▶ Data for review:
++++++++++++++++++++

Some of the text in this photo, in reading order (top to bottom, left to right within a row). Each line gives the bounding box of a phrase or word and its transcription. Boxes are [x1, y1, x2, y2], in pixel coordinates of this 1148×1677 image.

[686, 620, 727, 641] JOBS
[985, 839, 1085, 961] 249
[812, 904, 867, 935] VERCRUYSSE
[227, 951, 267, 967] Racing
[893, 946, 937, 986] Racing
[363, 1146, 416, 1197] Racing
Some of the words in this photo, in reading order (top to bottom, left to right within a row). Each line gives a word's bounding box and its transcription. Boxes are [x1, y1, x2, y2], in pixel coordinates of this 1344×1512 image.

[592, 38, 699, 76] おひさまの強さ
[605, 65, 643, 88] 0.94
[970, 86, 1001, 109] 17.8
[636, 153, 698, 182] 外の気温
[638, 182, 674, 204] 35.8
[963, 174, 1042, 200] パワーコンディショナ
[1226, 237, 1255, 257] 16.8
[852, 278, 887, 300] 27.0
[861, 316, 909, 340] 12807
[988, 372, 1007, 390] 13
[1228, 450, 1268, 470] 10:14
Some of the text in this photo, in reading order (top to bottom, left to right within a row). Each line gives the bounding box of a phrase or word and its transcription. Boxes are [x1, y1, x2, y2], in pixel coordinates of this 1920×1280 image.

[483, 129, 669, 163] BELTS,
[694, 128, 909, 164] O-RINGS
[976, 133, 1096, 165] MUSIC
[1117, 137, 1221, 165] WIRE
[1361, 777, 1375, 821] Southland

++++++++++++++++++++

▶ Exercise brief:
Copy the line containing "Some of the words" and every line after it, through the last line of the records. Include nothing else.

▶ Answer space:
Some of the words in this photo, in reading order (top to bottom, left to right within a row). Each line gives a word's bounding box and its transcription. Boxes are [x1, y1, x2, y2], in pixel coordinates of this 1344×1512 image.

[592, 38, 699, 76] おひさまの強さ
[605, 65, 643, 88] 0.94
[970, 86, 1001, 109] 17.8
[636, 153, 698, 182] 外の気温
[638, 182, 674, 204] 35.8
[963, 174, 1042, 200] パワーコンディショナ
[1226, 237, 1255, 257] 16.8
[852, 278, 887, 300] 27.0
[861, 316, 909, 340] 12807
[988, 372, 1007, 390] 13
[1228, 450, 1268, 470] 10:14
Some of the text in this photo, in reading order (top to bottom, left to right within a row). Each line gives the bounding box of a phrase or word and its transcription. Boxes are [x1, y1, x2, y2], in pixel coordinates of this 1920×1280 image.

[483, 129, 669, 163] BELTS,
[694, 128, 909, 164] O-RINGS
[976, 133, 1096, 165] MUSIC
[1117, 137, 1221, 165] WIRE
[1361, 777, 1375, 821] Southland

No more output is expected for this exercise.